Three-dimensional spatial patterns of trace gas concentrations in baseflow-dominated agricultural streams: implications for surface–ground water interactions and biogeochemistry

Abstract

Small streams that drain agricultural landscapes have come under close scrutiny as potentially significant indirect sources of greenhouse gases (GHGs) to the atmosphere.

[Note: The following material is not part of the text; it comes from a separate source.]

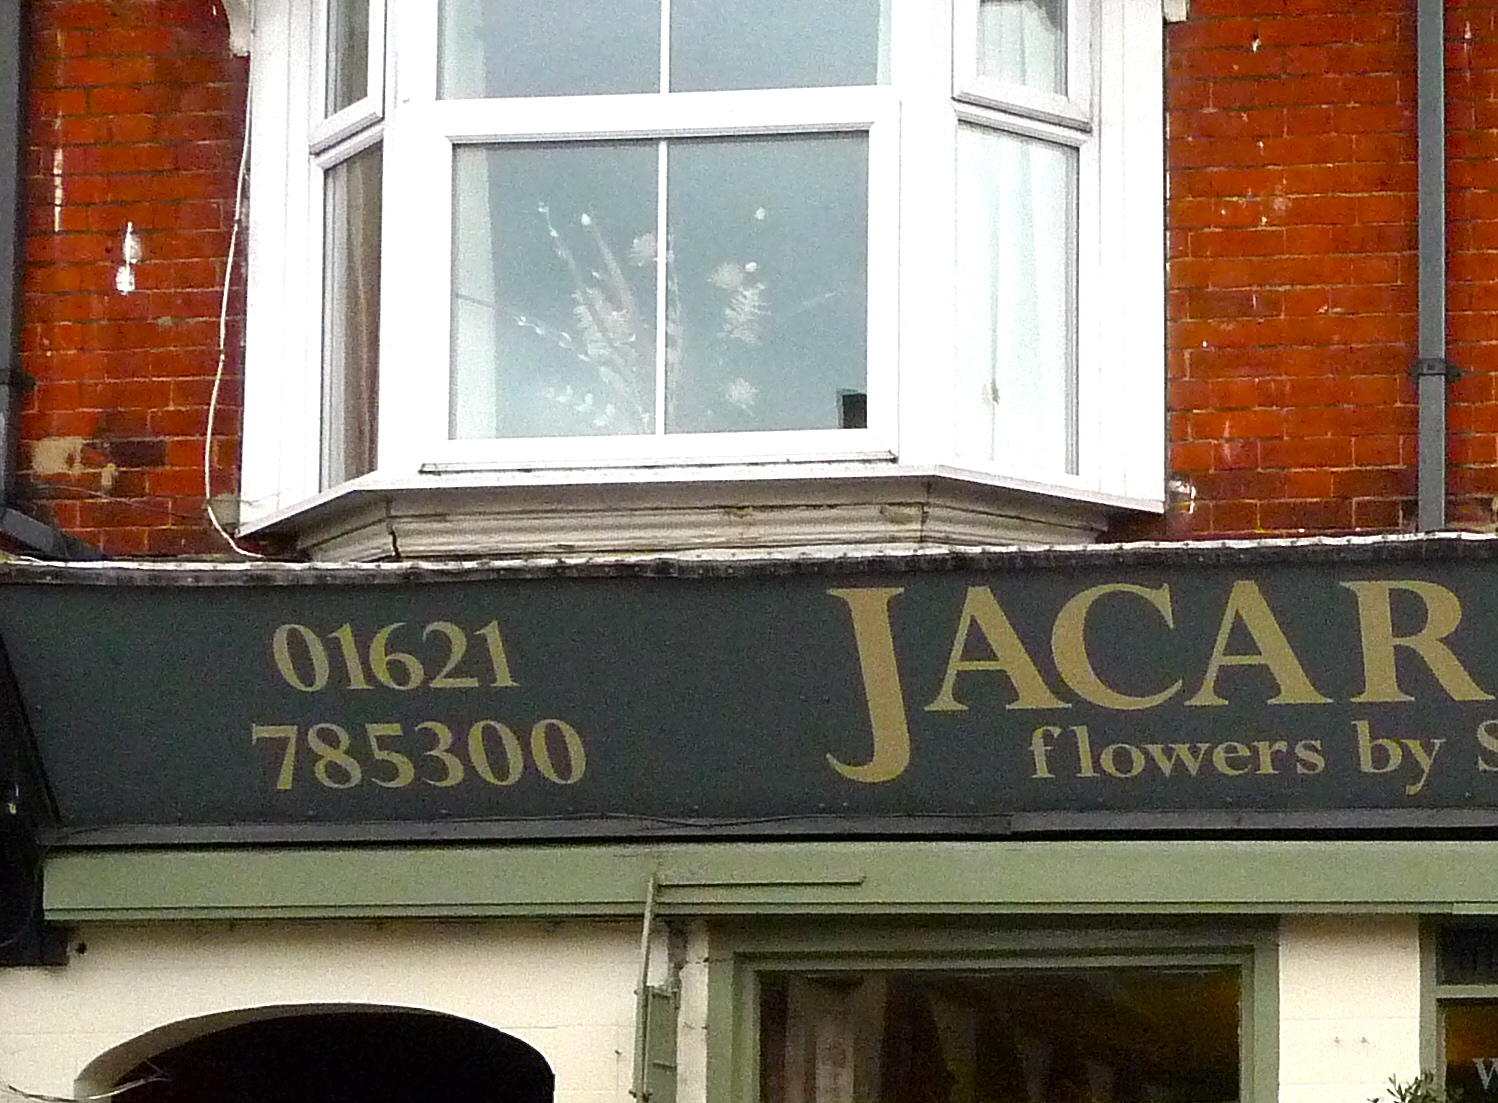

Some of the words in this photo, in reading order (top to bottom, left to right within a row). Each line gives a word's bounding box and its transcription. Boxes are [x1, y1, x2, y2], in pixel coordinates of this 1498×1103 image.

By exploring the stream-ground water connection in three dimensional space (horizontally and vertically beneath the stream channel, and longitudinally along the stream corridor) our results show (1) ground water can be a significant source of greenhouse gases to streams draining agricultural watersheds with concentrations in excess of atmospheric equilibrium by 221 μmol C L−1 carbon dioxide, 0.64 μmol C L−1 methane, and 0.65 μmol N L−1 nitrous oxide (N2O); (2) changes in the stream-ground water connection can create seemingly erratic patterns in GHG concentrations over short longitudinal distances (order of meters); (3) soil-stream interfaces are hotspots for denitrification and methanogenesis; however, no significant N2O production was observed at such an interface under a riparian forest; and (4) nitrate (NO3 −) and N2O can be preserved as electron acceptors in oxic ground waters draining agriculture landscapes; hence, soil nitrification was the major source of N2O to stream water, with a legacy in ground water dating back to the 1960s; N2O tracked the seepage of NO3 − into surface waters. In this study, we demonstrate the utility of detailed measurements of multiple trace gases towards revealing spatial and temporal patterns of surface–ground water interactions and biogeochemistry across several small baseflow-dominated stream ecosystems in central Wisconsin, USA.